Buddhist writer and scholar Stephen Batchelor offered the above reflection in a recent conversation with On Being host Krista Tippett. The episode is titled Finding Ease in Aloneness, and it centers on how the present situation is forcing us all to work out the difference between isolation and loneliness or solitude.

Hailed as a "beautiful literary collage", The Art of Solitude is Batchelor's new book, and it teaches how to approach solitude as a graceful and life-giving practice. Among the wealth of wisdom shared in The Art of Solitude's pages, Batchelor defines the concept of being alone with yourself as... "Just being in your own company, and not only being OK with that, but also, recognizing that this is the source — this place of just settling is the place you find yourself, for example, if you’re a poet or a painter — that’s where your ideas begin. That’s where your imagination, your creativity, all start to, as it were, be germinated and then find form." 
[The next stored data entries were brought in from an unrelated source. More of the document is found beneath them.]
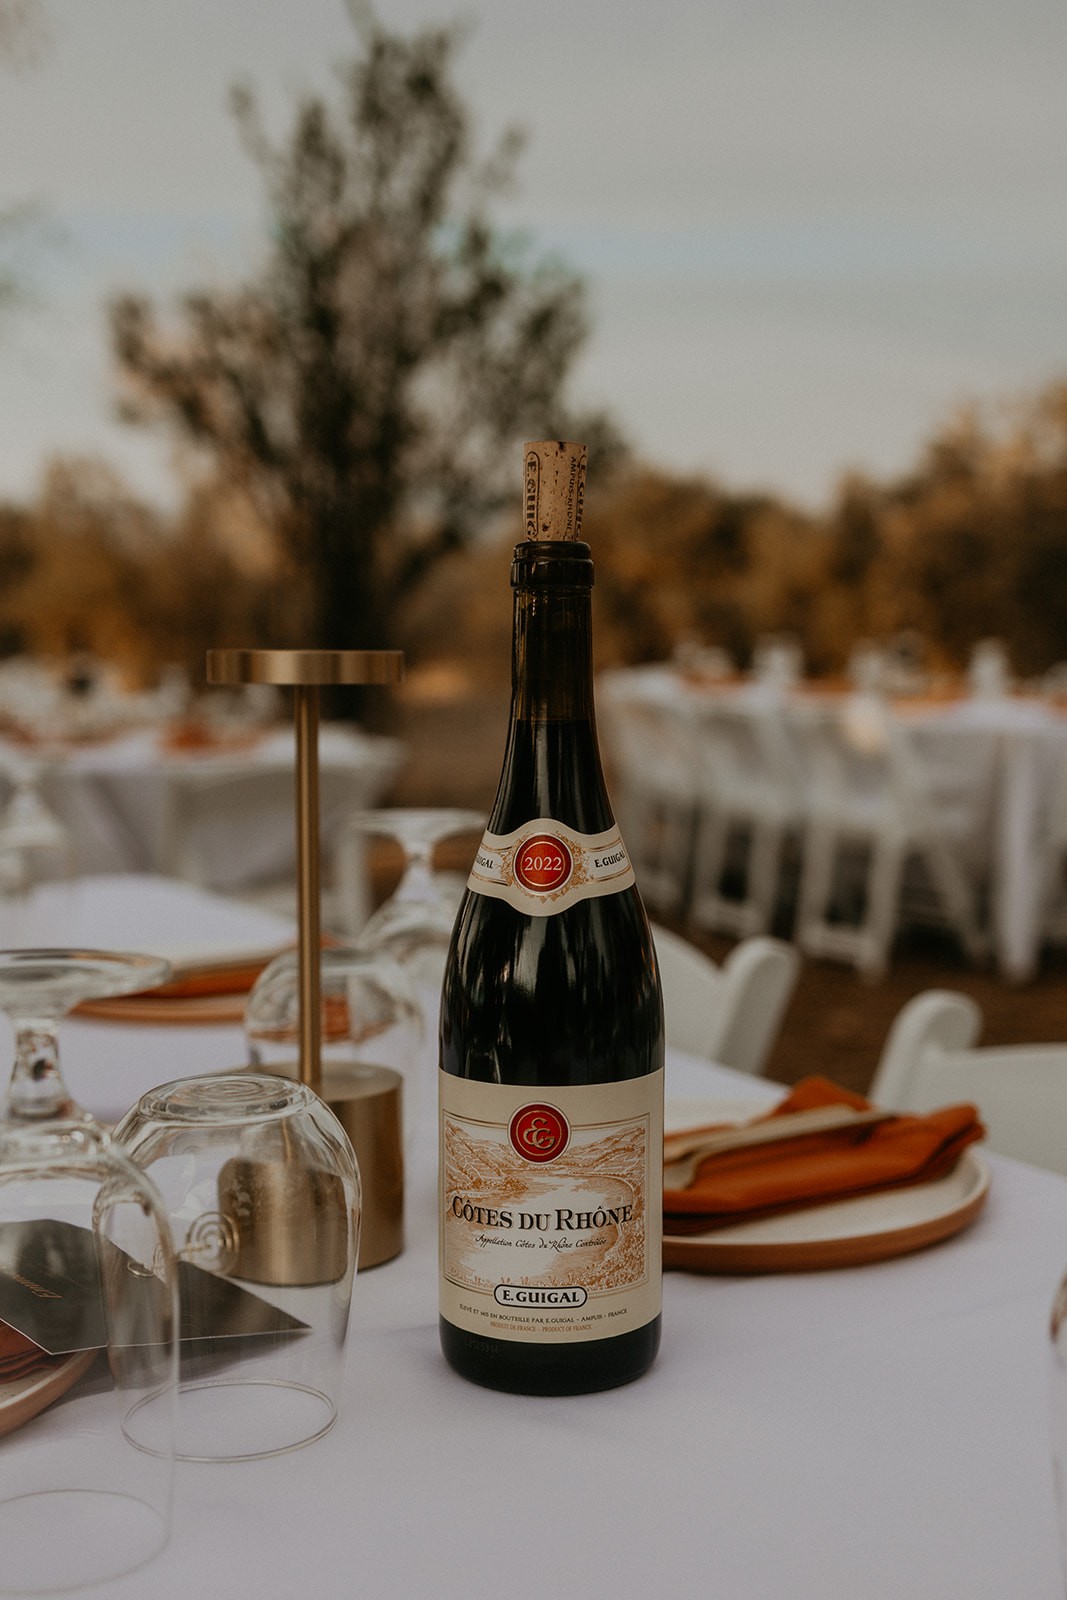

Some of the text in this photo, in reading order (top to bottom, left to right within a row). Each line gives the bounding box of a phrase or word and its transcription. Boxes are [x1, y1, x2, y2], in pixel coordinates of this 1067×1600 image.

[524, 856, 562, 871] 2022
[452, 1195, 633, 1231] CÔTES DU RHÔNE
[475, 1234, 513, 1248] Appellation
[515, 1239, 536, 1249] Côtes
[549, 1236, 573, 1253] Rhône
[502, 1289, 580, 1304] E.GUIGAL
[499, 1314, 530, 1323] BOUTEILLE
[581, 1314, 603, 1322] AMPUIS
[607, 1308, 628, 1317] FRANCE
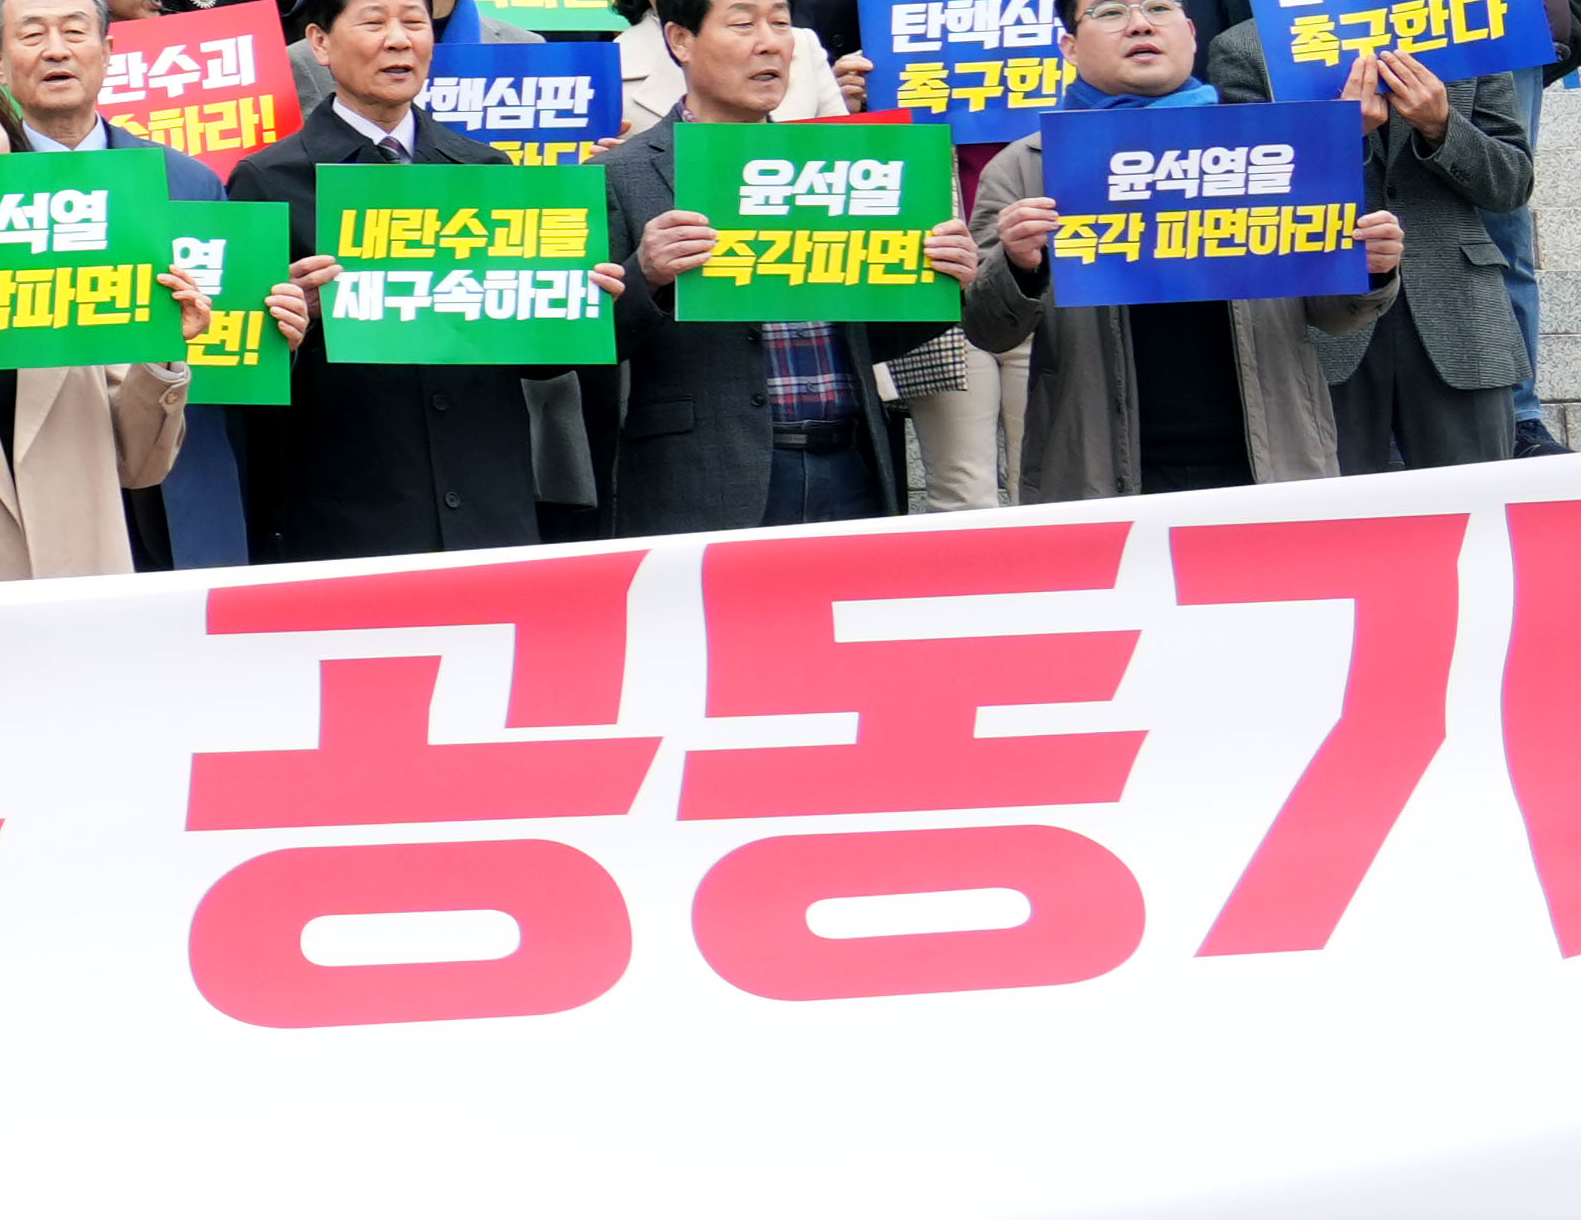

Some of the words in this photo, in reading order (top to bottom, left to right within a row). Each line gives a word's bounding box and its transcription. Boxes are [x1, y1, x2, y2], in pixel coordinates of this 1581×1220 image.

[891, 0, 1059, 53] 탄핵심
[103, 35, 255, 95] 란수괴
[899, 60, 1065, 115] 촉구한
[739, 158, 904, 217] 윤석열
[1108, 142, 1296, 200] 윤석열을
[338, 207, 589, 260] 내란수괴를
[704, 230, 934, 287] 즉각파면!
[1054, 213, 1145, 262] 즉각
[1155, 205, 1354, 261] 파면하라!
[332, 268, 600, 324] 재구속하라!
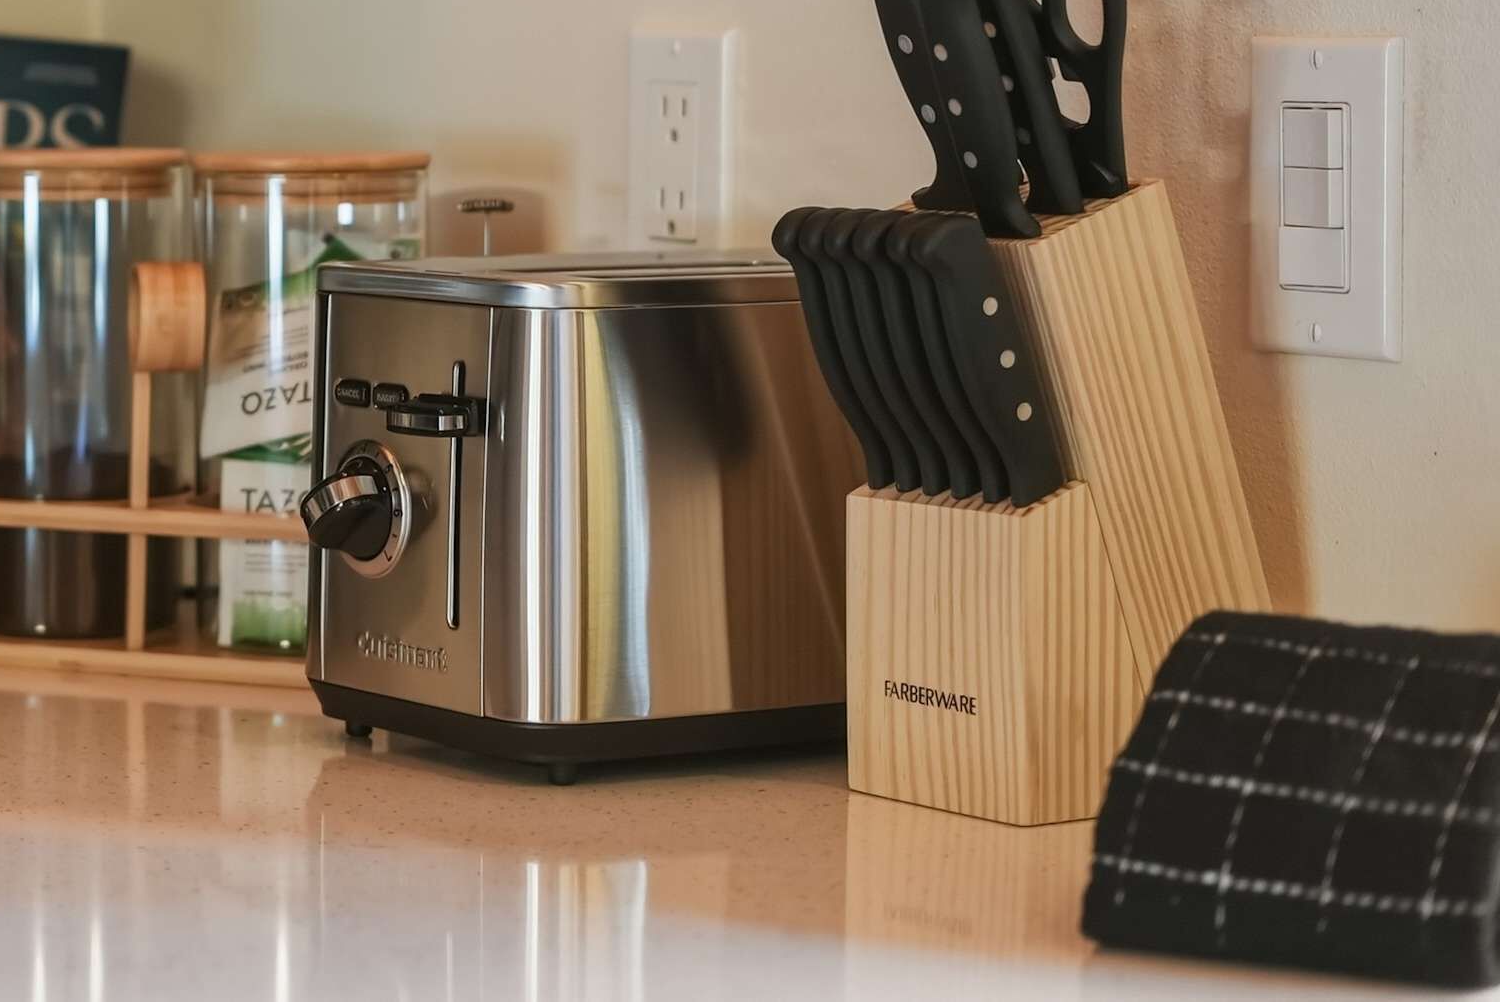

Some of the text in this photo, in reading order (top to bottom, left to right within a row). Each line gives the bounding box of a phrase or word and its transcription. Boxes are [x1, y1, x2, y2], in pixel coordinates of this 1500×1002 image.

[240, 381, 312, 415] TAZO
[240, 488, 307, 513] TAZ
[884, 679, 977, 715] FARBERWARE
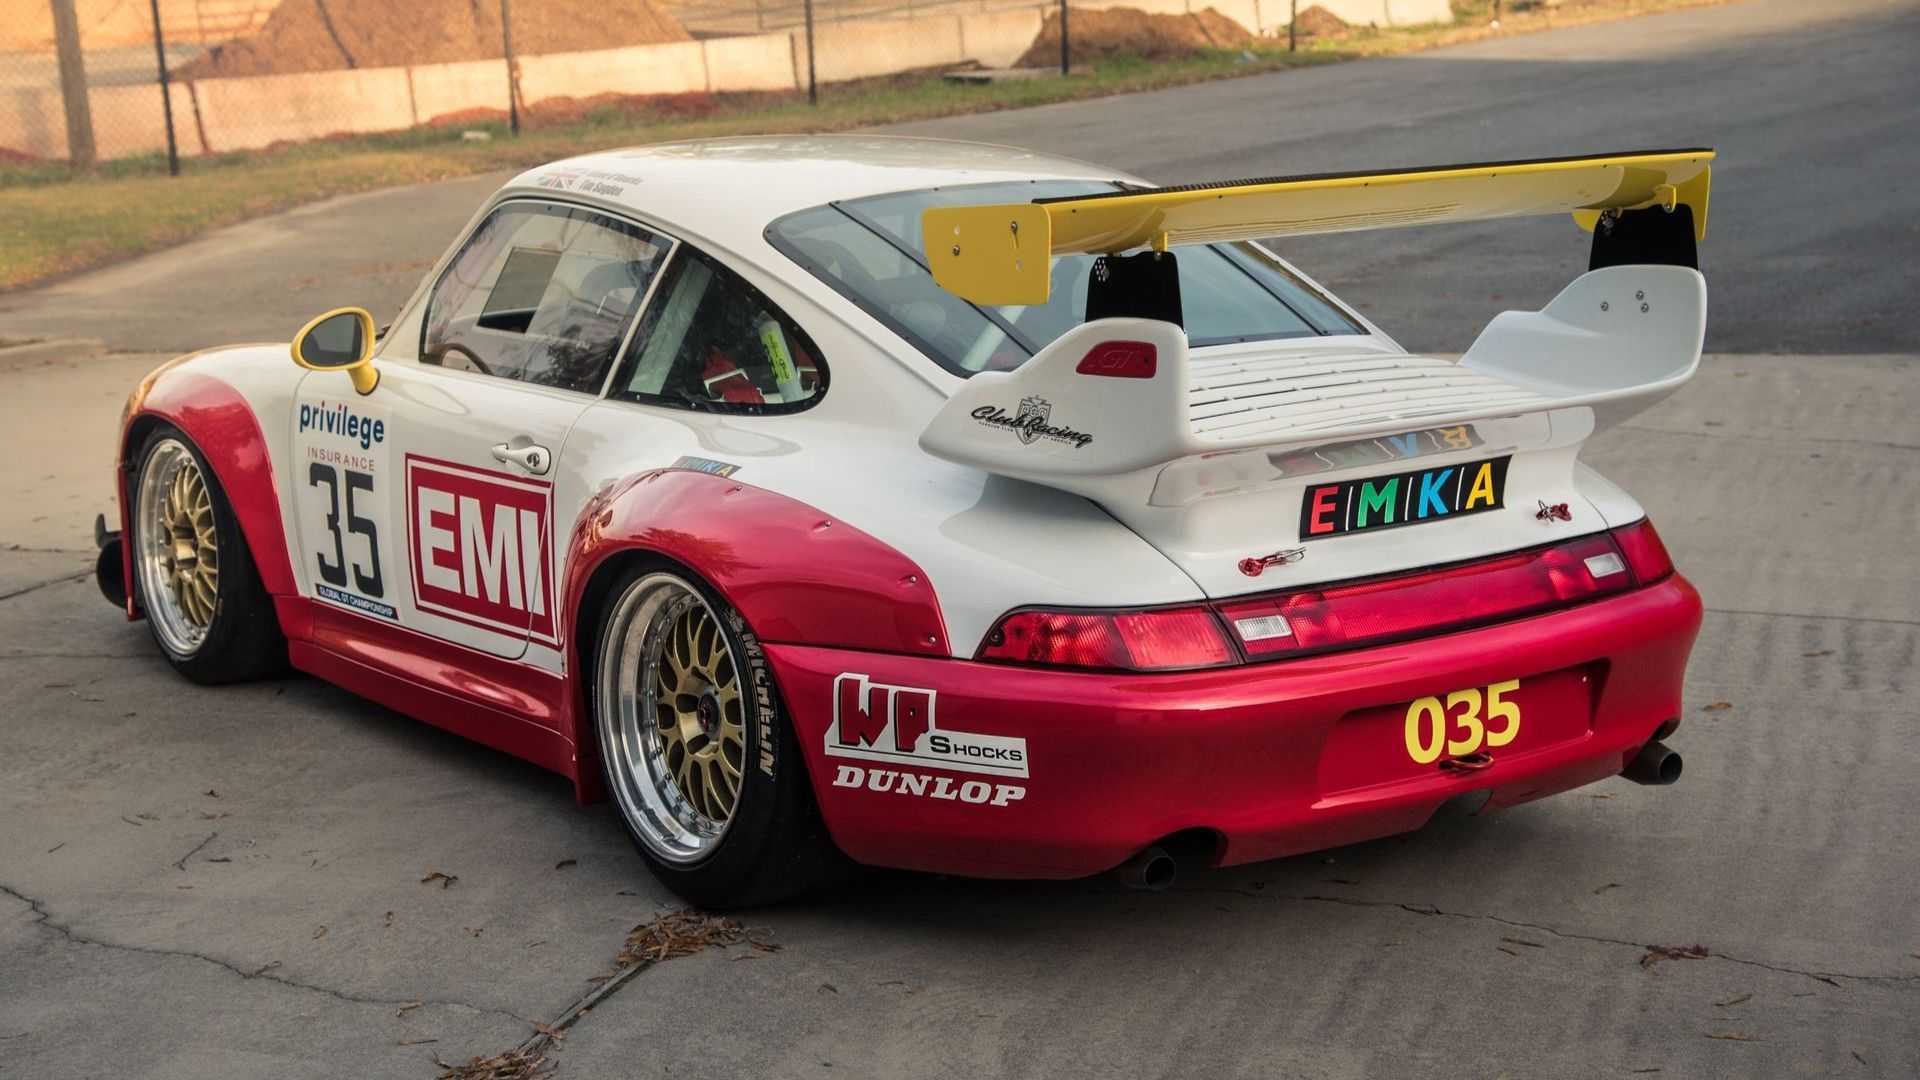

A host of possibilities open up when we look at this chapter of self isolation as an art form to practice and sculpt, rather than as a sentence to serve out. Along the water here in Palm Beach there are countless cues to be taken from the ocean. Despite its still vacant shores, the surf swirls, the sea beams back blue and the show truly does go on. That nuance makes its imprint, reminding us to keep practicing our art. As we head into summertime, here's some inspiration for doing so?



"It's always been in between the things that I thought I was doing that the real work is happening."

Since its broadcast debut on PBS in 2001, over 100 artists have been featured in ART21's flagship series. Each episode features a different artist and unpacks the inspiration, vision, and techniques behind their processes. What a delight to watch William Kentridge in the moment, at play in his studio in this recent episode. The uncontrived integrity of his work is a timely reminder of the impact of making space for wonder and embracing gradualness as a practice.



"Be someone you've never been."

IN-Q is an award-winning poet, and multi-platinum songwriter. His work leaps from the page and is best sampled through his own spoken word. Like many artists, he writes to entertain, inspire, and challenge his audiences to look deeper into the human experience and ask questions about themselves, their environment, and the world at large. Here's a clip of IN-Q performing his Poem About Saying Yes...  IN-Q (also known as Adam Schmalholz) is a National Poetry Slam champion and the first spoken word artist to perform with Cirque Du Soleil, recently he sat down for this timely conversation with Elena Brower on her Practice You podcast. In their chat the artist reads from his new book of poetry entitled, INQUIRE WITHIN. Listening to IN-Q read his verse (which he does in this conversation) is transformative to say the least. Stream IN-Q's Practice You conversation here.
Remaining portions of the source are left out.